Update: This post has been revised with findings from GPT-4. Funnily enough, Tom Tunguz reported a similar incident during his testing.
Over the years, ever since Machine Learning started gaining traction, numerous companies have talked about “Democratizing AI”.
However only one company has actually been able to do it. I’d heard of OpenAI before, when they launched Gym, and took over The International in 2017. More recently, due to the actual democratization of AI, I’ve had the opportunity to use it for work and personal use.
Numbers game
I wanted to know if ChatGPT could decide which phone number it would deem best given a list of phone numbers. In my initial experimentation, I found that the earlier model (3.5) simply refuses to attempt the problem, saying it is subjective and does not try to reason at all. GPT 4, however goes a step ahead and “thinks” about the problem before responding.
GPT 3.5
For GPT 3.5 to work, I gave it only one heurestic to see how it would perform based on it - minimum unique numbers.

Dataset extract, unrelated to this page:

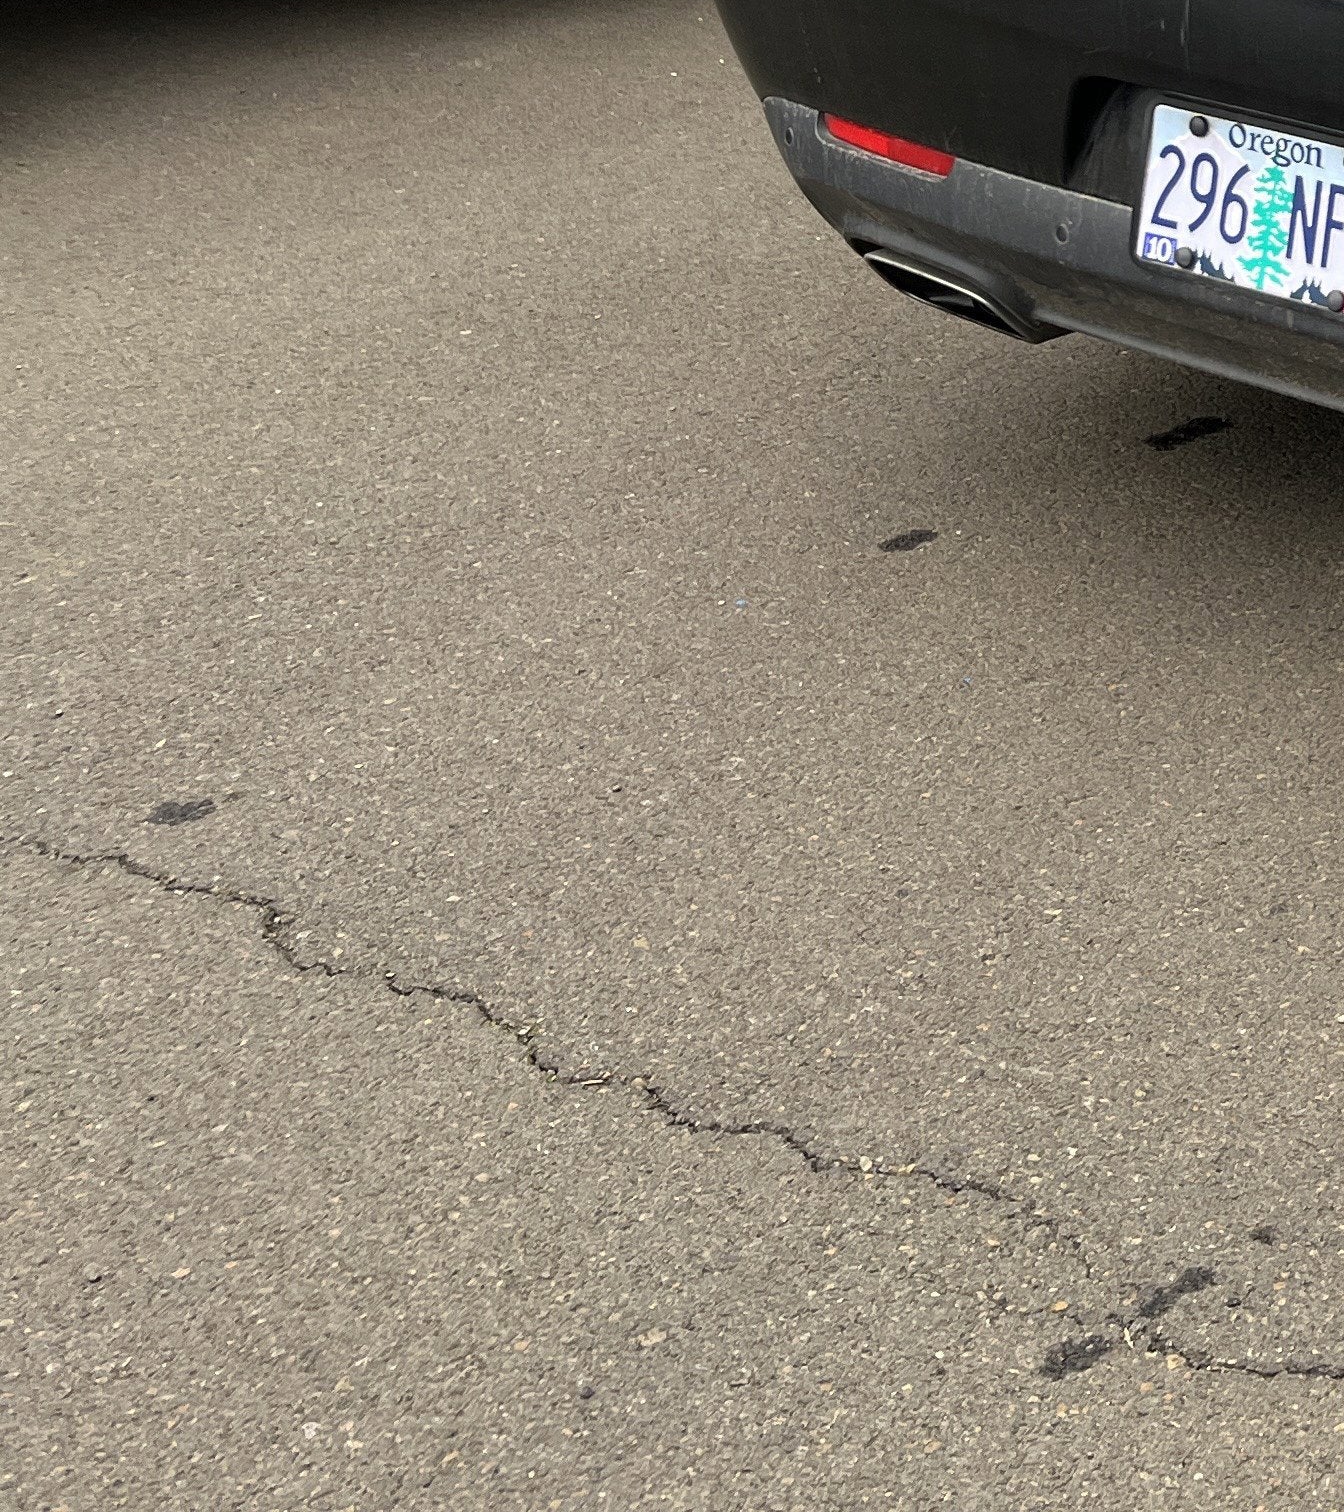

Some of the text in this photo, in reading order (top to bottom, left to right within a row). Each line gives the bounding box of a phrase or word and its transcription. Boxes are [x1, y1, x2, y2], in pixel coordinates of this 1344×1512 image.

[1228, 123, 1325, 169] Oregon
[1151, 144, 1251, 245] 296
[1146, 236, 1172, 262] 10

For example, 9999999999 is a better phone number than 9999999990 because it has only one unique number (9) and the latter has two unique numbers (9 and 0).
When asked, it seemed that ChatGPT had some trouble counting.
I gave it a different set of phone numbers, but the result wasn’t any different.
At this point, I figure ChatGPT was just bad at math, so I asked it to write a program instead. This time, the result was correct (although the comment in the code snippet was still wrong).
GPT 4
My initial sentiment was that I would stay away from ChatGPT when it came to numbers but when GPT 4 came out, I gave that an attempt as well and the results were much better! (see: accurate)
It goes a step ahead to “think” about heurestics for judging a phone number as well!
AI has never been easier to access and apply in day-to-day lives, and I hope we continue to make more progress on this front.